> [Task details]
Locate the line containing "this 1440×1920 image.", then please write out that line and all the lines below it in the entries exactly.

= = = = = = =

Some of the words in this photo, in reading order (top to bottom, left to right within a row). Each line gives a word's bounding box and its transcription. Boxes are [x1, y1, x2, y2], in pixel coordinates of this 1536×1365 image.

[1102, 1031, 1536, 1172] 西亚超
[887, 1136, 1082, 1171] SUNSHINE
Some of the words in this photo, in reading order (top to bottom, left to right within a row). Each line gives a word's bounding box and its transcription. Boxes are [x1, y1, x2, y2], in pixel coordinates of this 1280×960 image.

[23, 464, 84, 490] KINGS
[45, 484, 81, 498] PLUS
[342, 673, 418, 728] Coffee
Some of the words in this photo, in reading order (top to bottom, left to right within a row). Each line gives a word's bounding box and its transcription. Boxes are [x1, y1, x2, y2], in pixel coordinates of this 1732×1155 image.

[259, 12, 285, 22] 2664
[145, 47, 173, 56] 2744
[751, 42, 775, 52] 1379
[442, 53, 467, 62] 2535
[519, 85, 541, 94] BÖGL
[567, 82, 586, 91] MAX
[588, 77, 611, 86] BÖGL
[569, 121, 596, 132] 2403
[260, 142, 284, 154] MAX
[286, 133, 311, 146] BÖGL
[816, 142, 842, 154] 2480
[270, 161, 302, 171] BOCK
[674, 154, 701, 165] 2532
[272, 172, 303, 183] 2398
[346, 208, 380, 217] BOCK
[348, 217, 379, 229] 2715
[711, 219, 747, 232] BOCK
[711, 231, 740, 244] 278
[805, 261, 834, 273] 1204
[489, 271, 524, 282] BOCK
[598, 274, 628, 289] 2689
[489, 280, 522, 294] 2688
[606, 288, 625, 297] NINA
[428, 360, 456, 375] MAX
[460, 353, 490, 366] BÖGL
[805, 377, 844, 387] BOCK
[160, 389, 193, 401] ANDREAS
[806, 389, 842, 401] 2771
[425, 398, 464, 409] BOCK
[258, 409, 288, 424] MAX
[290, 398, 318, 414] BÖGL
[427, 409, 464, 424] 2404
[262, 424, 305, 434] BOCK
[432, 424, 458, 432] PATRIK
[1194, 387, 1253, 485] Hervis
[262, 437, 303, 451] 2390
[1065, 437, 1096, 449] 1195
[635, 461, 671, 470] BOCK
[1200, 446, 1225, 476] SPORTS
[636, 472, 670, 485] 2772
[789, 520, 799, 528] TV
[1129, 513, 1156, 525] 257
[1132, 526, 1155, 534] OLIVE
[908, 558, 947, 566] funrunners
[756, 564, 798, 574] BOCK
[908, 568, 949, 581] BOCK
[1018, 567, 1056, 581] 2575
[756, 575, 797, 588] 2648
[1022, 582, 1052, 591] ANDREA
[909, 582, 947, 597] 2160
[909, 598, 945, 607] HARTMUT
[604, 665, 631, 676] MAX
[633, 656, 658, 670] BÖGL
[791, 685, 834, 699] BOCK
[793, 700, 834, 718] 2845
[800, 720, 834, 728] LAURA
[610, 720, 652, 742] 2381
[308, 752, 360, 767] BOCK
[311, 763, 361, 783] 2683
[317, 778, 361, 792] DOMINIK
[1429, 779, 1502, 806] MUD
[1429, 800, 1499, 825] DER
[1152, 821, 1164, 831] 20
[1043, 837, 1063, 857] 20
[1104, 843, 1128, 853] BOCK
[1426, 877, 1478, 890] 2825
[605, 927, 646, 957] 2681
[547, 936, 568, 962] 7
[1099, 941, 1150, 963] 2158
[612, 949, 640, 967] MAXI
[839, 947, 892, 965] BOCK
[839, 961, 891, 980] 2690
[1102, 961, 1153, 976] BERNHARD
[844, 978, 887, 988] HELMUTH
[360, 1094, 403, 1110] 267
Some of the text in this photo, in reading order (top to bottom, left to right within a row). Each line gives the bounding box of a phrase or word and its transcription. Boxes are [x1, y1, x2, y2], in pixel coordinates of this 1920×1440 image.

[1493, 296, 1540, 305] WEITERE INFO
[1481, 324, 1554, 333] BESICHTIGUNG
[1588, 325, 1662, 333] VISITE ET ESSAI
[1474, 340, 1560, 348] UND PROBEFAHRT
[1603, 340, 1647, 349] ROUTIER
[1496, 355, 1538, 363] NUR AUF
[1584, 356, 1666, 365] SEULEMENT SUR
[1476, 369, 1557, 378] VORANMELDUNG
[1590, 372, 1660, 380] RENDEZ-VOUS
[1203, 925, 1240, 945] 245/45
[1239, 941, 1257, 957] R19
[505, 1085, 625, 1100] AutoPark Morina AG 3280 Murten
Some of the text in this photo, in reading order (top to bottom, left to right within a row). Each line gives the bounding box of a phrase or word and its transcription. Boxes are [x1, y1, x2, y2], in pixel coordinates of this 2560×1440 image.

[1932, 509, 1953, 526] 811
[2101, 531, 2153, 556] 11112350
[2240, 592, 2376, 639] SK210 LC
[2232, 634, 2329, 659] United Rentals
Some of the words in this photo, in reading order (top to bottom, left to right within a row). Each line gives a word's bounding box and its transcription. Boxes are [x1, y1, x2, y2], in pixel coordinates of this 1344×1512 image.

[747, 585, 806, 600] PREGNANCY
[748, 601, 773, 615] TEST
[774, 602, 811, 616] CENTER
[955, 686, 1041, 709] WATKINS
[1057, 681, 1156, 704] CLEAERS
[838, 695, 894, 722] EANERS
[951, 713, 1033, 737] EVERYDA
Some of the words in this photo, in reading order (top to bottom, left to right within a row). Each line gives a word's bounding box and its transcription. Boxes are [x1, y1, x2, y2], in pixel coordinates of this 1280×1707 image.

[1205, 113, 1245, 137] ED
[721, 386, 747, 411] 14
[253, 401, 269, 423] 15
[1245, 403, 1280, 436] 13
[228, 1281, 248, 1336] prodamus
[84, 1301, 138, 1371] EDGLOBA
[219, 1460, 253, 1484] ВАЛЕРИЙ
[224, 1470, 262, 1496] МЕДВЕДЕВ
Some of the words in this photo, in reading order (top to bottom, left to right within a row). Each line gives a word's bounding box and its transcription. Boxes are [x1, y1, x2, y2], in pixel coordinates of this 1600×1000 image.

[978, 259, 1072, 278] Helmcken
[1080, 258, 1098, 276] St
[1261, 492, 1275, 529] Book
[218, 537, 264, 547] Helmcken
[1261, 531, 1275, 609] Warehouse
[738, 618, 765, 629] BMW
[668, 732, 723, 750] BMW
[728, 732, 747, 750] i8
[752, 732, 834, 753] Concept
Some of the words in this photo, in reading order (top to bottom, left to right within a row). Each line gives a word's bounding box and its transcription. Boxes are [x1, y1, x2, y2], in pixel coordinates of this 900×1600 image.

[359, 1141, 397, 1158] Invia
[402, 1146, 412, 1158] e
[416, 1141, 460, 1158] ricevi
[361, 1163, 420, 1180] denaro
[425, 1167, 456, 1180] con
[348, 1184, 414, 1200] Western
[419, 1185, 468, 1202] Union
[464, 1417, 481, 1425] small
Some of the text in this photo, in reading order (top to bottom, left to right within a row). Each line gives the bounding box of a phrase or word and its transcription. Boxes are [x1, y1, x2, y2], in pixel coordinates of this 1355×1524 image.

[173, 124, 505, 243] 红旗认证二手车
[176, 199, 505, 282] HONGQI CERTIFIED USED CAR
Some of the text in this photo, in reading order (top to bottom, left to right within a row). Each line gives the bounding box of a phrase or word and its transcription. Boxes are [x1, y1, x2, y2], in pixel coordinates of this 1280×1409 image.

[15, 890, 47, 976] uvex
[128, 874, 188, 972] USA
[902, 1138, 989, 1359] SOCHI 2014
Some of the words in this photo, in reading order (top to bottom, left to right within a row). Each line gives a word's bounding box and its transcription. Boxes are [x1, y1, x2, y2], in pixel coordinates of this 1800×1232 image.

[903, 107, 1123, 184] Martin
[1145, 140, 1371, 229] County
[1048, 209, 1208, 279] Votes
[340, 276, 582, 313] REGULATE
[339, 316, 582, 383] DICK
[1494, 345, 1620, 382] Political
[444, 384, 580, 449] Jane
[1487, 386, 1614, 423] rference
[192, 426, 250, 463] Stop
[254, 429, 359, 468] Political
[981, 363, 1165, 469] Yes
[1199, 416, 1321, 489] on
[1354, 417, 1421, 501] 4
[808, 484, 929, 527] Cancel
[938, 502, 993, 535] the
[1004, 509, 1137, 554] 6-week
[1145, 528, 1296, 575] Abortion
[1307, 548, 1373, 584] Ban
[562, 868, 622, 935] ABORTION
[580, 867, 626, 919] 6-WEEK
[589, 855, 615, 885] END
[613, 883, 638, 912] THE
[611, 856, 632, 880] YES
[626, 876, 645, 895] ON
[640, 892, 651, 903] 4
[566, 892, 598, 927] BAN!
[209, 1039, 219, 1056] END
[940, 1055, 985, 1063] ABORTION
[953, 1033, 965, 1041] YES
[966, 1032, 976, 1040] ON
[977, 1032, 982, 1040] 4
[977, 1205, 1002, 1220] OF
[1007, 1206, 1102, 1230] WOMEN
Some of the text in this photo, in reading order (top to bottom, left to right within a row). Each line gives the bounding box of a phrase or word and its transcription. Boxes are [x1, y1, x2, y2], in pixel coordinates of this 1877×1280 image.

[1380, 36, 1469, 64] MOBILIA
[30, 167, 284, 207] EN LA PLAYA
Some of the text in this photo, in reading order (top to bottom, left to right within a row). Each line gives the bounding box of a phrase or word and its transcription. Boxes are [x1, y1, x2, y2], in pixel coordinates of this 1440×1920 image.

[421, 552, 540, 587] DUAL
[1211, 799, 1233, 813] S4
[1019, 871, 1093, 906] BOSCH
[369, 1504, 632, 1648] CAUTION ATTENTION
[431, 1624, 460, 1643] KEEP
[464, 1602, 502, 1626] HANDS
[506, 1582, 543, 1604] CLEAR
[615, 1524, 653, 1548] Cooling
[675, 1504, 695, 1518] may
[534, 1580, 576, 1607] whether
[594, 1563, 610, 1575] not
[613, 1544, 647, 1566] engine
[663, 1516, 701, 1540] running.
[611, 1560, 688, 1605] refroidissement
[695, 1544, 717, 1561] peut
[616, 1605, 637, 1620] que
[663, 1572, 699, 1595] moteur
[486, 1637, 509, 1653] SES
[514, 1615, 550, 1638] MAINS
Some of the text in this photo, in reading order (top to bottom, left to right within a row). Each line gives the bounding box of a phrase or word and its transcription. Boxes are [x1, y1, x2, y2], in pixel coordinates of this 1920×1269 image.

= = = = = = =

> [Exercise result]
Some of the text in this photo, in reading order (top to bottom, left to right within a row). Each line gives the bounding box of a phrase or word and its transcription. Boxes are [x1, y1, x2, y2], in pixel coordinates of this 1440×1920 image.

[421, 552, 540, 587] DUAL
[1211, 799, 1233, 813] S4
[1019, 871, 1093, 906] BOSCH
[369, 1504, 632, 1648] CAUTION ATTENTION
[431, 1624, 460, 1643] KEEP
[464, 1602, 502, 1626] HANDS
[506, 1582, 543, 1604] CLEAR
[615, 1524, 653, 1548] Cooling
[675, 1504, 695, 1518] may
[534, 1580, 576, 1607] whether
[594, 1563, 610, 1575] not
[613, 1544, 647, 1566] engine
[663, 1516, 701, 1540] running.
[611, 1560, 688, 1605] refroidissement
[695, 1544, 717, 1561] peut
[616, 1605, 637, 1620] que
[663, 1572, 699, 1595] moteur
[486, 1637, 509, 1653] SES
[514, 1615, 550, 1638] MAINS
Some of the text in this photo, in reading order (top to bottom, left to right within a row). Each line gives the bounding box of a phrase or word and its transcription. Boxes are [x1, y1, x2, y2], in pixel coordinates of this 1920×1269 image.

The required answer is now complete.